Apart from the pictures, every part of the records below gets retyped exactly.

[[ DATASET ENTRIES open ]]

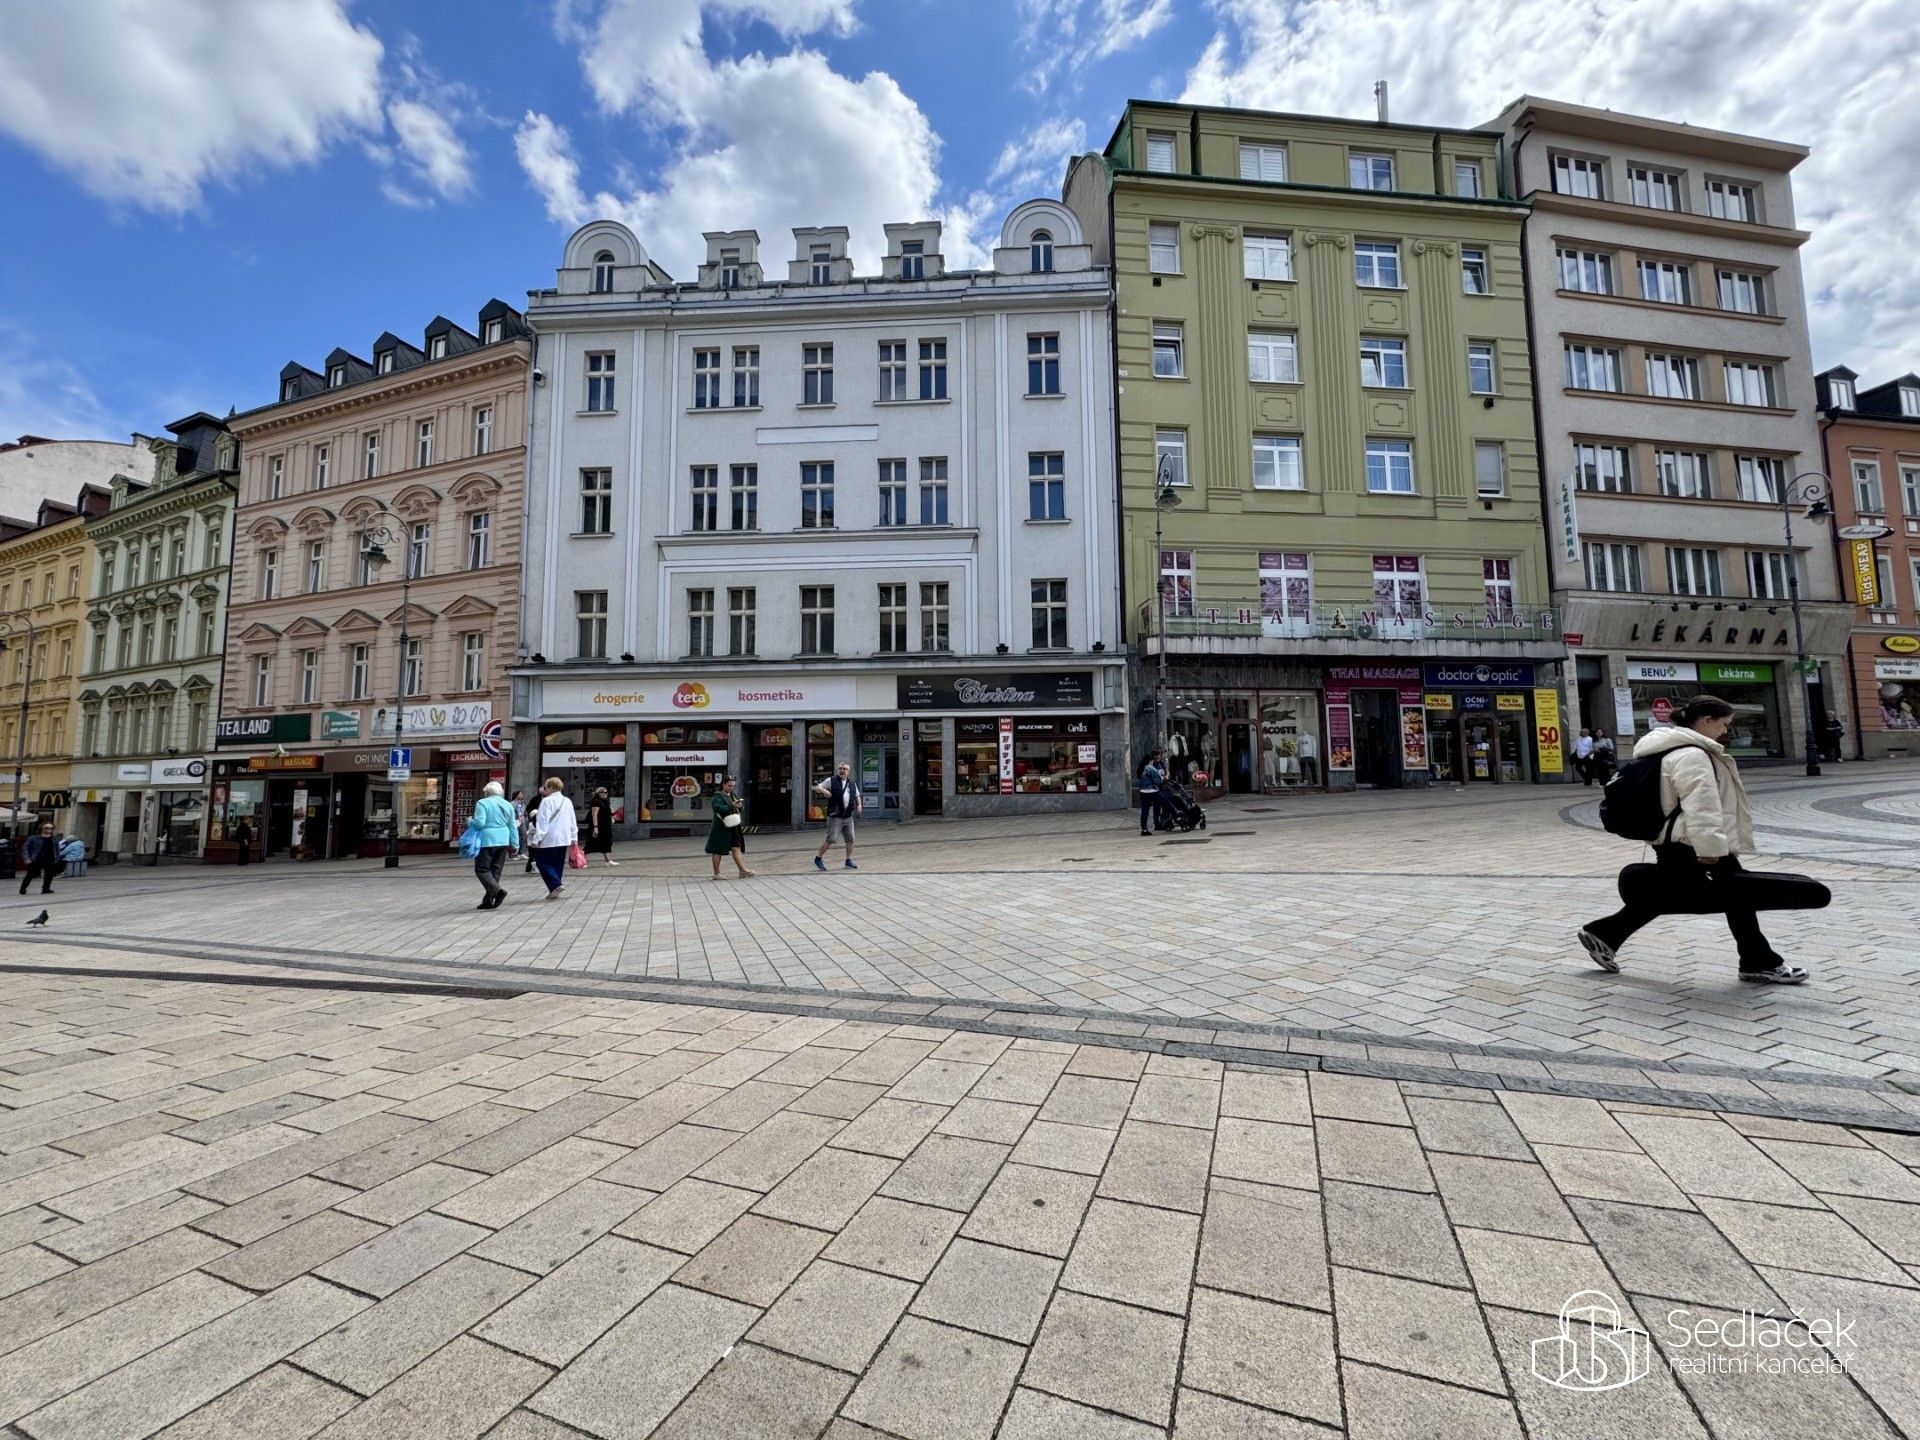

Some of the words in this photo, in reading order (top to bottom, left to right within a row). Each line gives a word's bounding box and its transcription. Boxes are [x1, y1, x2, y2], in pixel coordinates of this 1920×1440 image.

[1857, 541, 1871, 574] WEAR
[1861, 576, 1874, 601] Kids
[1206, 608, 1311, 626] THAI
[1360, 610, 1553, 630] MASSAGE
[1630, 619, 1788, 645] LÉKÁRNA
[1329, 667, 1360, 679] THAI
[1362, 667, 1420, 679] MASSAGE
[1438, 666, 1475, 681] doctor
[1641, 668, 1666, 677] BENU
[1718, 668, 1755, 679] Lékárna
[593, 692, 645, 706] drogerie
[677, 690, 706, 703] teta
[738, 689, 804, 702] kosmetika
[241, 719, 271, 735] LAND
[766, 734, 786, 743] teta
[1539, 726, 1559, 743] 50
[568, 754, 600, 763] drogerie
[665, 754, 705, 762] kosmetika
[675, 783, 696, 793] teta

[[ DATASET ENTRIES closed ]]

**OUTPUT FOR THIS TASK:**
Some of the words in this photo, in reading order (top to bottom, left to right within a row). Each line gives a word's bounding box and its transcription. Boxes are [x1, y1, x2, y2], in pixel coordinates of this 1920×1440 image.

[1857, 541, 1871, 574] WEAR
[1861, 576, 1874, 601] Kids
[1206, 608, 1311, 626] THAI
[1360, 610, 1553, 630] MASSAGE
[1630, 619, 1788, 645] LÉKÁRNA
[1329, 667, 1360, 679] THAI
[1362, 667, 1420, 679] MASSAGE
[1438, 666, 1475, 681] doctor
[1641, 668, 1666, 677] BENU
[1718, 668, 1755, 679] Lékárna
[593, 692, 645, 706] drogerie
[677, 690, 706, 703] teta
[738, 689, 804, 702] kosmetika
[241, 719, 271, 735] LAND
[766, 734, 786, 743] teta
[1539, 726, 1559, 743] 50
[568, 754, 600, 763] drogerie
[665, 754, 705, 762] kosmetika
[675, 783, 696, 793] teta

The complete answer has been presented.